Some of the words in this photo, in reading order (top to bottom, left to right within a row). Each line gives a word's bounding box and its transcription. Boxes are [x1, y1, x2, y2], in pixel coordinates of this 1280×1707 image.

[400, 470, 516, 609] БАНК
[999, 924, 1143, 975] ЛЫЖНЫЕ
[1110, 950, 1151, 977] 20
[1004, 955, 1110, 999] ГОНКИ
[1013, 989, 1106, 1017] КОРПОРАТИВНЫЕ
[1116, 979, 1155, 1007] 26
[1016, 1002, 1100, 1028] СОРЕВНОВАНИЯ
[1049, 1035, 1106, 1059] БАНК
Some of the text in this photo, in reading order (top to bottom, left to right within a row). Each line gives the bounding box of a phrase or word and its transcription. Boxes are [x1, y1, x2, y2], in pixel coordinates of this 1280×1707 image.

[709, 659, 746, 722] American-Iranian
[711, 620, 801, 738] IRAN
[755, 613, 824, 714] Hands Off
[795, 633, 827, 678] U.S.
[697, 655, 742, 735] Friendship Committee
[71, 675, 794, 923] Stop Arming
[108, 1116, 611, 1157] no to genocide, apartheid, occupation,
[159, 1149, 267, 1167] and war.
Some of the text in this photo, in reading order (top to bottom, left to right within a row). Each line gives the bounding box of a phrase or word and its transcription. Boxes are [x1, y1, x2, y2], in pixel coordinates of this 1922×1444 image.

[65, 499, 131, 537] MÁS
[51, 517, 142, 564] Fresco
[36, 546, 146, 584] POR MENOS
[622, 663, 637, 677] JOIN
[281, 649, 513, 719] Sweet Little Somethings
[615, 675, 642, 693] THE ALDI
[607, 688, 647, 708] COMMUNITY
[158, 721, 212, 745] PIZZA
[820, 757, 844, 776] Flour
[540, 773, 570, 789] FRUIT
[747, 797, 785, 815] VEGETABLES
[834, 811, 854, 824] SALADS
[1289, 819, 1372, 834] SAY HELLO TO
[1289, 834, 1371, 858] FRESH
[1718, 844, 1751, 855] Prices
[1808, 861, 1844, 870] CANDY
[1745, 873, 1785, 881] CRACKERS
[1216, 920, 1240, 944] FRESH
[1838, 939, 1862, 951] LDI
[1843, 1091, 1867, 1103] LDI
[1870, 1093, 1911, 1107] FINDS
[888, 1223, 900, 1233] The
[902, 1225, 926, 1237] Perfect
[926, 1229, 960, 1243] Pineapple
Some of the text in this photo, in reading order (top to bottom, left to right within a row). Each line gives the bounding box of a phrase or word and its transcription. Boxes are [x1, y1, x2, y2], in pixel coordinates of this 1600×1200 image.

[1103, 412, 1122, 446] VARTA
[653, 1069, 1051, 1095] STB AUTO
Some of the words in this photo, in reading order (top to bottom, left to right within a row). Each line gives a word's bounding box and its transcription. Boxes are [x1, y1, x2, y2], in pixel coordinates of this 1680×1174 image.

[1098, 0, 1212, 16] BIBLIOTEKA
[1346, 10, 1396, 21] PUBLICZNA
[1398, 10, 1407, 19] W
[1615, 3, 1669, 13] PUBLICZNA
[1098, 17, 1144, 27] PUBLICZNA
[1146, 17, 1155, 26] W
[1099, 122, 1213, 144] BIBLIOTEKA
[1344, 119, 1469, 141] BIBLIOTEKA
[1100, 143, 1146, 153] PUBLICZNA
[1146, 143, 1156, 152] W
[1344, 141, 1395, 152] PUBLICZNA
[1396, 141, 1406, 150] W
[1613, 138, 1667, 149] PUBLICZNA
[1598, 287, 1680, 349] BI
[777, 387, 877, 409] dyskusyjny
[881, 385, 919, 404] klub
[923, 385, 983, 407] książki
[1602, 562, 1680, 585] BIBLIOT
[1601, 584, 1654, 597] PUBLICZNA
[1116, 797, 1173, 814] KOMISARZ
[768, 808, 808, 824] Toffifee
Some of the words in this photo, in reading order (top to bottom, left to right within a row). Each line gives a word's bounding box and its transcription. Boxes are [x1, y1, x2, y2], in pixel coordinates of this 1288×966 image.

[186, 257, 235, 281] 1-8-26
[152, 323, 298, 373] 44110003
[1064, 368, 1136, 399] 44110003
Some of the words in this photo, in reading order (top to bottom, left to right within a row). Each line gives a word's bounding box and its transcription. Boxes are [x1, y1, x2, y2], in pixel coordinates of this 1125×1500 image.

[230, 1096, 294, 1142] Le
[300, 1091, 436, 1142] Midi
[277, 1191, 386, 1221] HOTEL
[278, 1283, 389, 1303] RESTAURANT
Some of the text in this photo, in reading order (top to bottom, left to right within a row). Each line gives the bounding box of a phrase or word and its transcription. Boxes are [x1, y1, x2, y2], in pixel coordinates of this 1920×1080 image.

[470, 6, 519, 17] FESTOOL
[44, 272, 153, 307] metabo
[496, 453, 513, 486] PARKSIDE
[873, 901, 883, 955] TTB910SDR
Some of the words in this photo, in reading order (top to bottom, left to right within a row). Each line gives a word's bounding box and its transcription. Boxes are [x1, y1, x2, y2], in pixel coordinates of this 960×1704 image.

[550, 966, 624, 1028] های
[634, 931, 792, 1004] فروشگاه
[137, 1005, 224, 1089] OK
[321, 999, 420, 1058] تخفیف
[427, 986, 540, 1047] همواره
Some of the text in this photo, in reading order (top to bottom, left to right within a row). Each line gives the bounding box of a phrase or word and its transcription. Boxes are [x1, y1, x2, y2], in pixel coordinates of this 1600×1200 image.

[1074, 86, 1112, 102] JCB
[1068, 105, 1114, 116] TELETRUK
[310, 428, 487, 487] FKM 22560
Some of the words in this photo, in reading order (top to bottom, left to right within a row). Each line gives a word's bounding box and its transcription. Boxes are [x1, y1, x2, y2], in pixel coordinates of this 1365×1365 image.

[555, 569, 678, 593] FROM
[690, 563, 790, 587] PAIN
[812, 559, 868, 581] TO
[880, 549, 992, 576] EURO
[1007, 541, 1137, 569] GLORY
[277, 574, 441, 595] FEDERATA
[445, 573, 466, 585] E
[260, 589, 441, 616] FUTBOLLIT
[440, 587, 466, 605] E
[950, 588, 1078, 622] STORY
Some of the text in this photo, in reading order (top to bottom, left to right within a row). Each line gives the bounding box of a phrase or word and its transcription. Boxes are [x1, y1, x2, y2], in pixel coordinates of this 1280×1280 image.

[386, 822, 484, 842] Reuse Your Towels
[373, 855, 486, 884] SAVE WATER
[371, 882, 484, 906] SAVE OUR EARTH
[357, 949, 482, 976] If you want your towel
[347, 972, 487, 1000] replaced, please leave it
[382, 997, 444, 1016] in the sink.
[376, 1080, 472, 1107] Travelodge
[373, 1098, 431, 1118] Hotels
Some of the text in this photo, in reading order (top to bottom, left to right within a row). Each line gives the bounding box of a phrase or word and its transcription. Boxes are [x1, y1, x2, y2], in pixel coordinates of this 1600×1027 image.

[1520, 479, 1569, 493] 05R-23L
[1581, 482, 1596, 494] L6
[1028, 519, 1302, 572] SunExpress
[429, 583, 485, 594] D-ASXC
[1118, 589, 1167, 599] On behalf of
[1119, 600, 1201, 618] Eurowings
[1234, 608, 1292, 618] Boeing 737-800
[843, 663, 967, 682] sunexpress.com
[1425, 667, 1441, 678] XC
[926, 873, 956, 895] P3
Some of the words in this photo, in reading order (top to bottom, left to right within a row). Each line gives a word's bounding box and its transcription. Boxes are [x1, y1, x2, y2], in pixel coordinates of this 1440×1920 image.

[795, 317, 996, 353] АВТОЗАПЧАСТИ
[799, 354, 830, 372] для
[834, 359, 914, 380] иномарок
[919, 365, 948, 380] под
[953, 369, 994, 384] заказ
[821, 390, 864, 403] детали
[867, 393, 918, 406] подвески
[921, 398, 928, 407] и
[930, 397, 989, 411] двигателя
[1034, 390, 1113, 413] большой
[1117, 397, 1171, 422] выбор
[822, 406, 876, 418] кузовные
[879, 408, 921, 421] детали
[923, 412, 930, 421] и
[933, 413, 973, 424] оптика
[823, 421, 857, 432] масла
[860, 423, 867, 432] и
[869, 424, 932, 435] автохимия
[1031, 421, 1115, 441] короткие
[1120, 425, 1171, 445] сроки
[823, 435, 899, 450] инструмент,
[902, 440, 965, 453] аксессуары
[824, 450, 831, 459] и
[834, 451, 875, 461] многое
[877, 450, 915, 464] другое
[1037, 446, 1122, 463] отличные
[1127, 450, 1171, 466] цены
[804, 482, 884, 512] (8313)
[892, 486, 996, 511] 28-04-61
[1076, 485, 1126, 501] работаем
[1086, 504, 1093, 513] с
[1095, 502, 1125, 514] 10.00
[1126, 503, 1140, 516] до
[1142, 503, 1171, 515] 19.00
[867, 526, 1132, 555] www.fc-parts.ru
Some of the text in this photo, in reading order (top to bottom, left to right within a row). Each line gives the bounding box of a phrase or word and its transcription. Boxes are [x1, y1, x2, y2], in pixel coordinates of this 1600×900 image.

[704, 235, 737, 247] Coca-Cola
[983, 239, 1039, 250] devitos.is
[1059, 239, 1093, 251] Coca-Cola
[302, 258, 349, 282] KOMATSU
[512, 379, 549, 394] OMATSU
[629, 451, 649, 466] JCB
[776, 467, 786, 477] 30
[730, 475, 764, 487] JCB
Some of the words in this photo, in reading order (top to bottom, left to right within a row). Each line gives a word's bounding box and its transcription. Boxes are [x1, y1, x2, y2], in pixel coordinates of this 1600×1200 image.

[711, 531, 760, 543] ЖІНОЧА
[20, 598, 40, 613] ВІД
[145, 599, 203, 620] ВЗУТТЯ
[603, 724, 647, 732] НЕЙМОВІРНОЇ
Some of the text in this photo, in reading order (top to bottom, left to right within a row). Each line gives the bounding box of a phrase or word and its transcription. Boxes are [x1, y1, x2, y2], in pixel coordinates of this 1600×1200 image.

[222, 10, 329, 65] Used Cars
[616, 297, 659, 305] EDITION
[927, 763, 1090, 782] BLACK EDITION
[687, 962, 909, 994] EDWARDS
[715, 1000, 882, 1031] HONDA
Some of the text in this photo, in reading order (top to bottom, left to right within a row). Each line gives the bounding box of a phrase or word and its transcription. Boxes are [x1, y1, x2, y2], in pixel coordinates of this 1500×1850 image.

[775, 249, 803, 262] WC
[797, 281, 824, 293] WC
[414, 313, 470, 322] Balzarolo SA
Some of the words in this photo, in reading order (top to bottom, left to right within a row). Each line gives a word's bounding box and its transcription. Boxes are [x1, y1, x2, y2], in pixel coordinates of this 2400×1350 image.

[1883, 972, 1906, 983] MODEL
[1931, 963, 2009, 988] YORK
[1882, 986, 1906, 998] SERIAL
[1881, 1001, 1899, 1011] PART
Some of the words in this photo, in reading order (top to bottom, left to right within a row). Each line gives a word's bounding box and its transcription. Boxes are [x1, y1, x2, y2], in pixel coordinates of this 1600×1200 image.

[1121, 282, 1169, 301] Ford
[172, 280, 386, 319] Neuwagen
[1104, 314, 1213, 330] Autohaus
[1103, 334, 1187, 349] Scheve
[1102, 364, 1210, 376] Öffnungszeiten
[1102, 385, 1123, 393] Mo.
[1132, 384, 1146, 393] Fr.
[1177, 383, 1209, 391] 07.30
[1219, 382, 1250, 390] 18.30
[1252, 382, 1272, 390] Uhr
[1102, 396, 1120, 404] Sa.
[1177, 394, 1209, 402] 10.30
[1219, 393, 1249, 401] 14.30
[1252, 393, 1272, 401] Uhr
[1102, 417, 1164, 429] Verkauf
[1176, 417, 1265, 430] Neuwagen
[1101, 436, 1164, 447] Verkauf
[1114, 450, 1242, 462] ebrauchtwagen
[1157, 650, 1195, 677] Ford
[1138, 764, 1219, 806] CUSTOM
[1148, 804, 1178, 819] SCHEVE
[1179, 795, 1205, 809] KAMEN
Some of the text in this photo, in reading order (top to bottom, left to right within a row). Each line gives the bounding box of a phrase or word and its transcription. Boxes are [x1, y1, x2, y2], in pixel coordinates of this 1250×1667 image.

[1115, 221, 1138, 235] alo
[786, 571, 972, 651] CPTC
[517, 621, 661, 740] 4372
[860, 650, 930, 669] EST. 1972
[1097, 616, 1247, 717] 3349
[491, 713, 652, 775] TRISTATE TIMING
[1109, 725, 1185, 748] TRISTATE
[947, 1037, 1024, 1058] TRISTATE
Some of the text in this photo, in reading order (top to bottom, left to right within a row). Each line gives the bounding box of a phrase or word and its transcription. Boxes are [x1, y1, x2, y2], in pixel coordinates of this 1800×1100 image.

──────

- Exercise directions -
Write out, word for word, all lines from the line that holds "this 1250×1667 image." through the last line of the listing, with both end lines kept.

- Response -
Some of the text in this photo, in reading order (top to bottom, left to right within a row). Each line gives the bounding box of a phrase or word and its transcription. Boxes are [x1, y1, x2, y2], in pixel coordinates of this 1250×1667 image.

[1115, 221, 1138, 235] alo
[786, 571, 972, 651] CPTC
[517, 621, 661, 740] 4372
[860, 650, 930, 669] EST. 1972
[1097, 616, 1247, 717] 3349
[491, 713, 652, 775] TRISTATE TIMING
[1109, 725, 1185, 748] TRISTATE
[947, 1037, 1024, 1058] TRISTATE
Some of the text in this photo, in reading order (top to bottom, left to right within a row). Each line gives the bounding box of a phrase or word and its transcription. Boxes are [x1, y1, x2, y2], in pixel coordinates of this 1800×1100 image.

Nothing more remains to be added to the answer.